夢を見たその後で 5話 「伝えたいこと、ひとつ」 その3
ふと目が覚めた..........。
ここはどこだろう?
私は辺りを見渡した。
私の目に映るもの..........。
一面の白の世界.........。
なんだか体が軽い。
自分の体に違和感を感じて足元を見ると、体が宙に浮いている。
「............................」
そんなはずないよね!?
もう一度目を凝らして下を見てみたけどやっぱり宙に浮いているみたい。
どうやら私は夢を見てるみたいね。
訳もわからず変に納得した。
それにしてもどうしてこんなに真っ白なの?
本当に何もない........白い世界。
純粋で.........。
綺麗だけど........。
孤独な世界........。
あてもなく夢の世界を飛び回ってみた。
しばらく飛び回っていると白い世界の先に、更に光が見えてきた。
「.............................」
私はその光に吸い込まれるかのような感覚を覚えた。
そして.........その光に身を任せてみた。
「.........!!!!!」
「.........!!!!!」
もう少しで光に包まれる.........というところで遠くから声が聞こえた。
少し耳を澄ましてみる.......。
「美香!!!!!」
「美香!!!!!」
えっ!?
美香!?
美香は.......私.......?
誰が呼んでるの?
声のするほうに目を凝らした。
そこには、私の耳元で声を泣きながら声をかけている家族の姿があった!!
呼吸器をつけられ、鼻から管を通された私........。
「どういう事なの!?」
私はここにいる。
でも、あそこにいるのも私!?
もっと近くまで近づきたいのに近づけない!!
急に体が動かなくなったみたい。
これは夢なんでしょ!?
だったら早く覚めてよ!!!
私は声にならない声を出した。
そのとき、目の前の光は更に強く私を包み込んでいった......。
目の前の光が私を包み込んだ時、病室の扉が開いた。
「えっ.............?」
そこには祐ちゃんがいた...........。
祐ちゃんはとても辛そうだった。
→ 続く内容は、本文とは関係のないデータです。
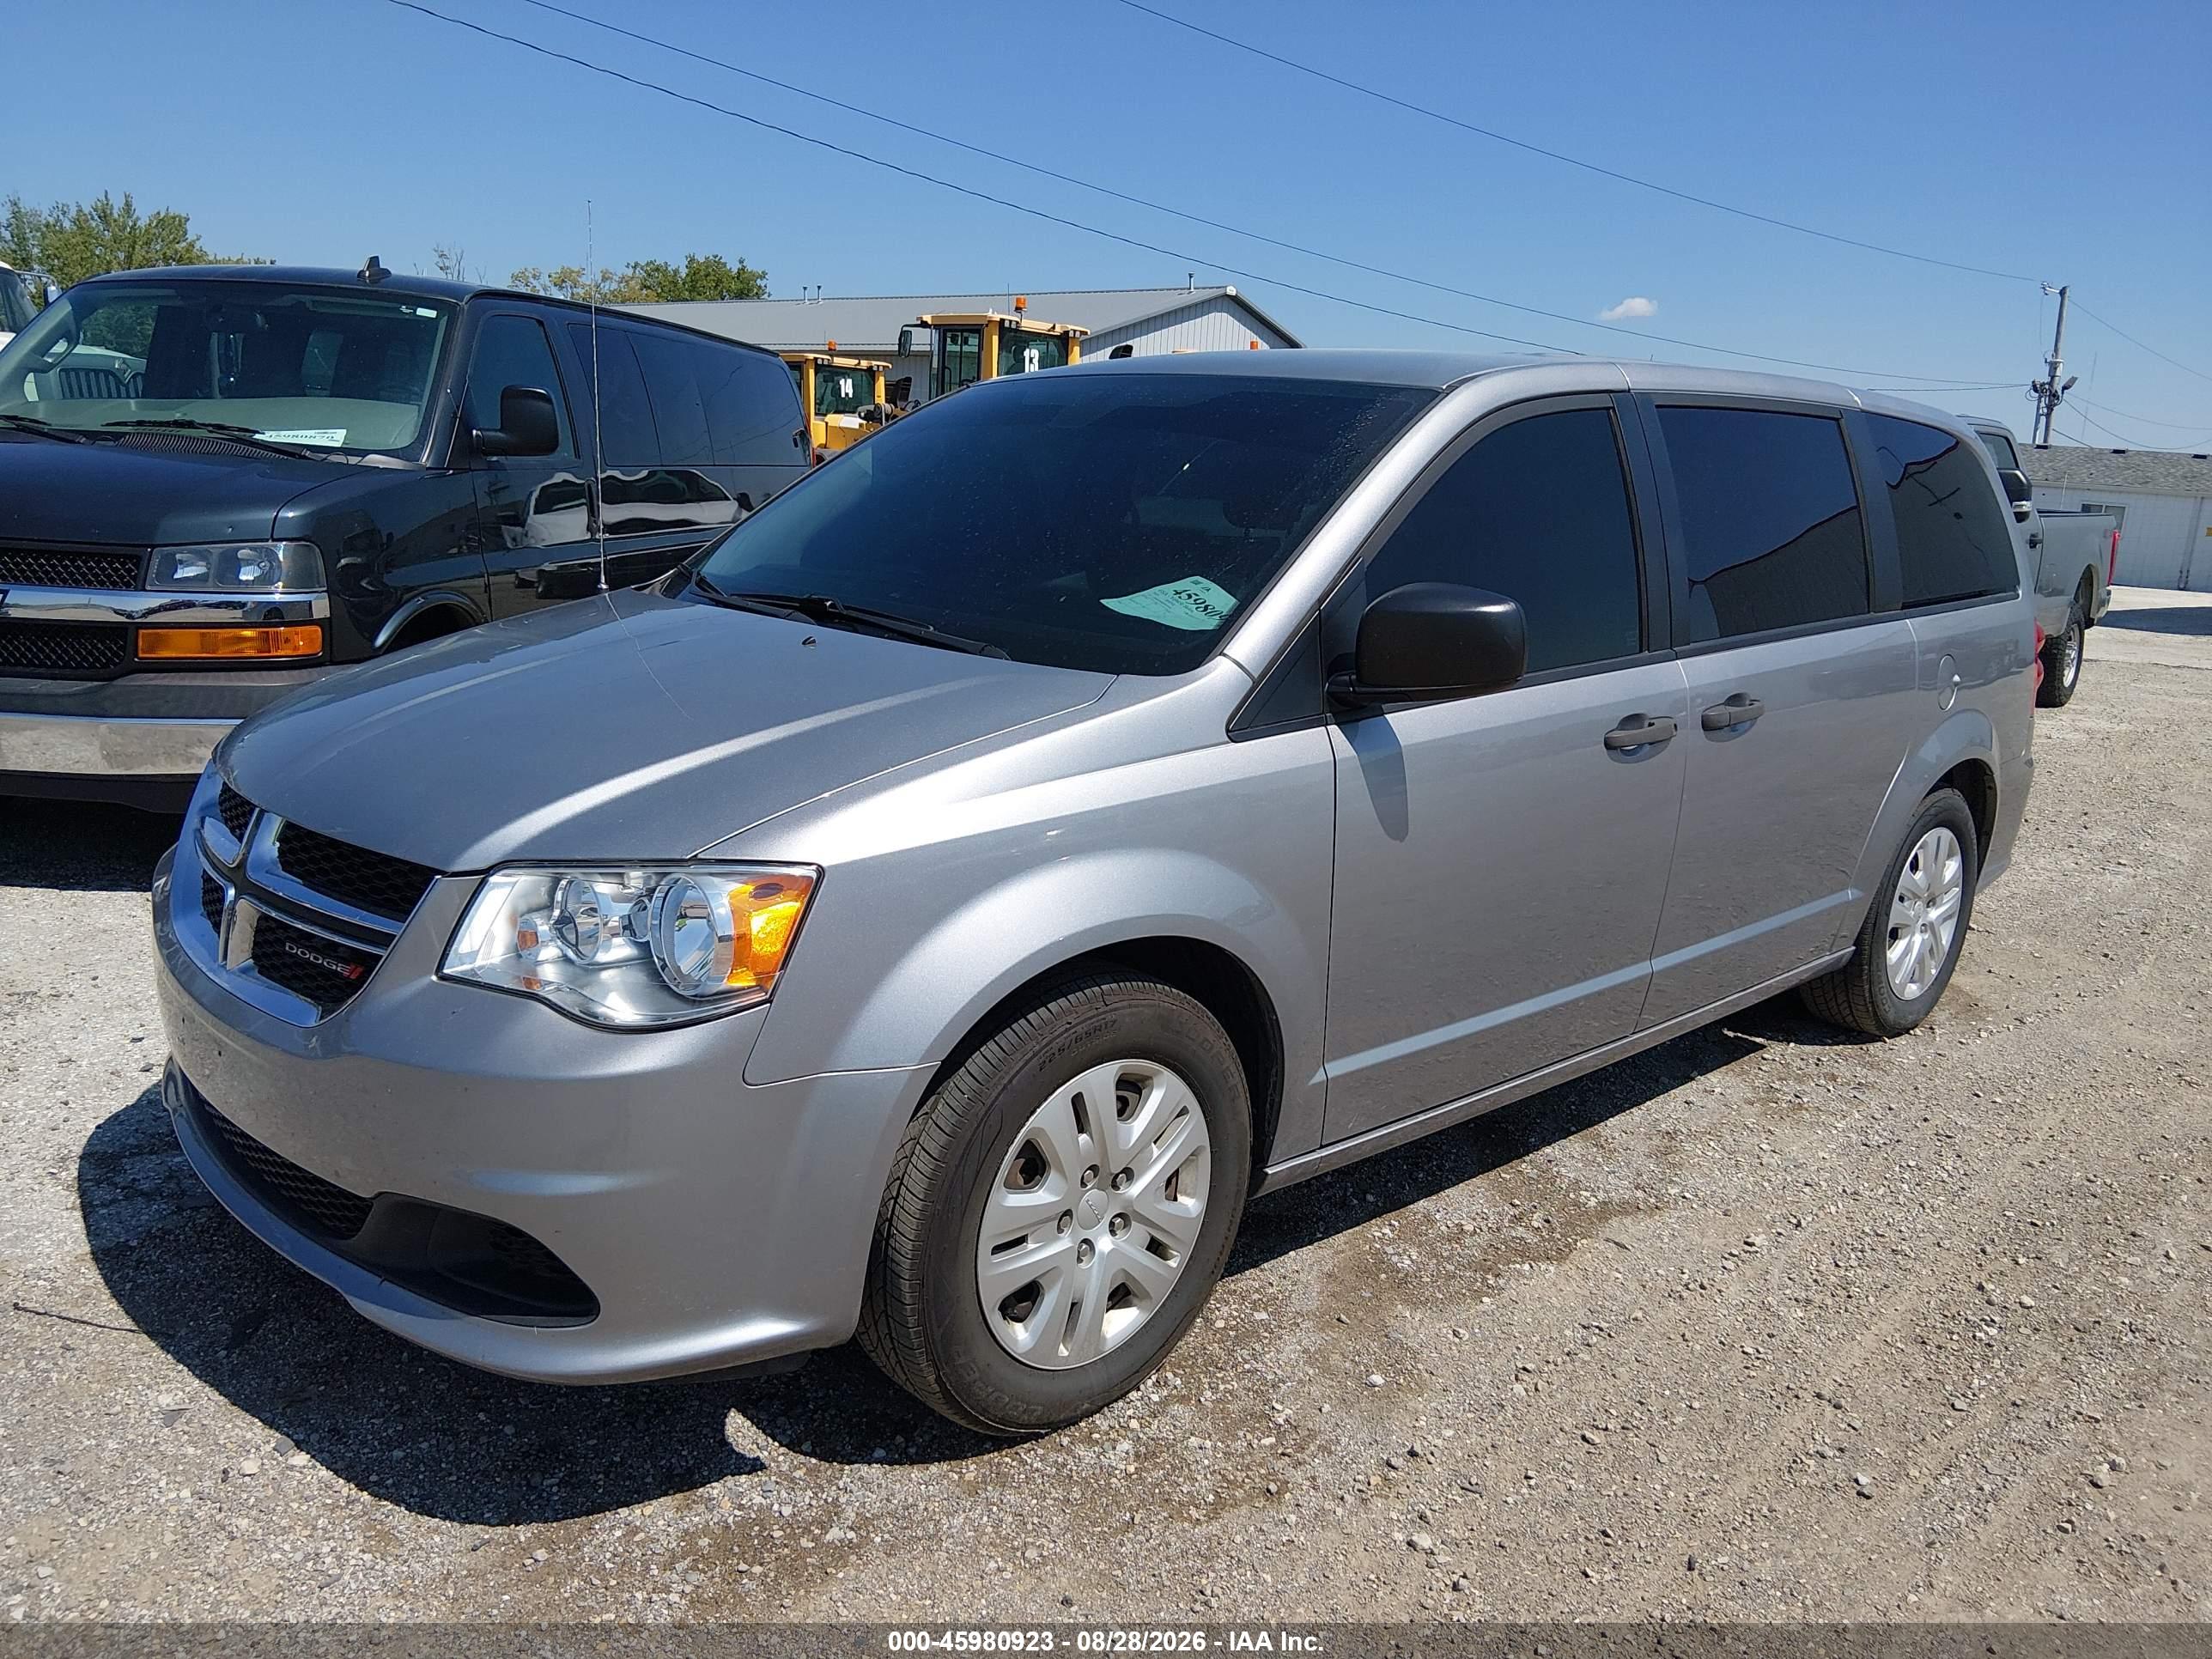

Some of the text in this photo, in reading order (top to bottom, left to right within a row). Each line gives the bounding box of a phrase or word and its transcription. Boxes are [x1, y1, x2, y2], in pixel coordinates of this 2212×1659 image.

[1023, 349, 1039, 373] 13
[839, 378, 854, 398] 14
[285, 942, 351, 977] DODGE
声を上げずに泣いているように見えた。
その姿は、見てるだけで胸が張り裂けそうだった。
祐ちゃん、お願いだからもう泣かないで。
祐ちゃん........わたしね.........
あなたに出会って分かった事があるの。
あなたに伝えたい事があるの.......。
それはね.........
これが私、田村美香が最後に覚えている記憶......。